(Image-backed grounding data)
- - - -

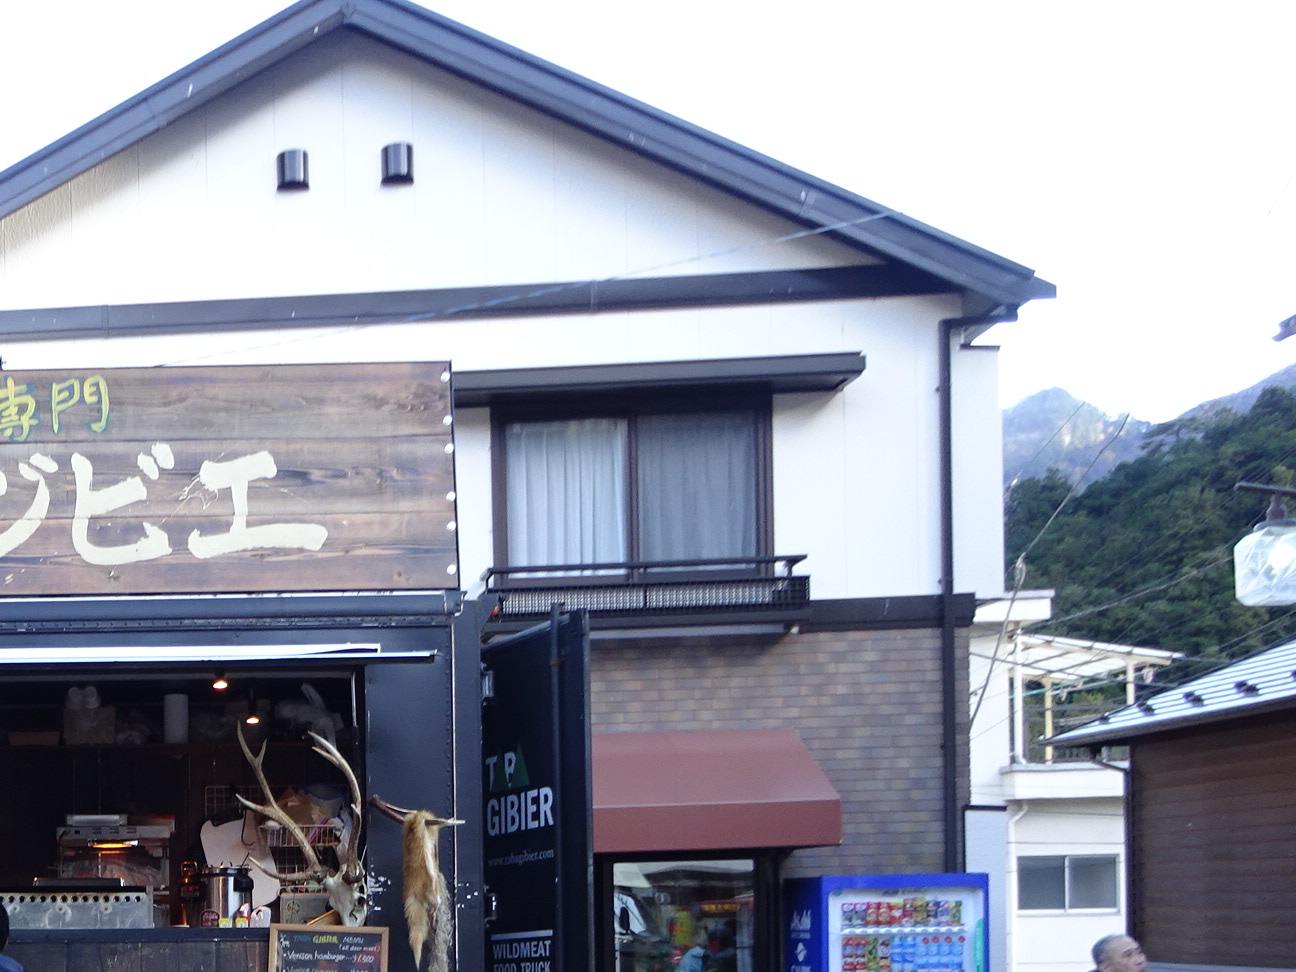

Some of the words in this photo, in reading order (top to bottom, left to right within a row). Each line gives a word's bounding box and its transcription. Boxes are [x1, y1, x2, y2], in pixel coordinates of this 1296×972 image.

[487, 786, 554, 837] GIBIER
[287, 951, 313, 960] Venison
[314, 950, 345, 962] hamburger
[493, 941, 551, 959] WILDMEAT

- - - -

### TASK ITEM
Pictures aside, restate all of the entries exactly.

### RESPONSE AREA
Some of the words in this photo, in reading order (top to bottom, left to right within a row). Each line gives a word's bounding box and its transcription. Boxes are [x1, y1, x2, y2], in pixel coordinates of this 1296×972 image.

[487, 786, 554, 837] GIBIER
[287, 951, 313, 960] Venison
[314, 950, 345, 962] hamburger
[493, 941, 551, 959] WILDMEAT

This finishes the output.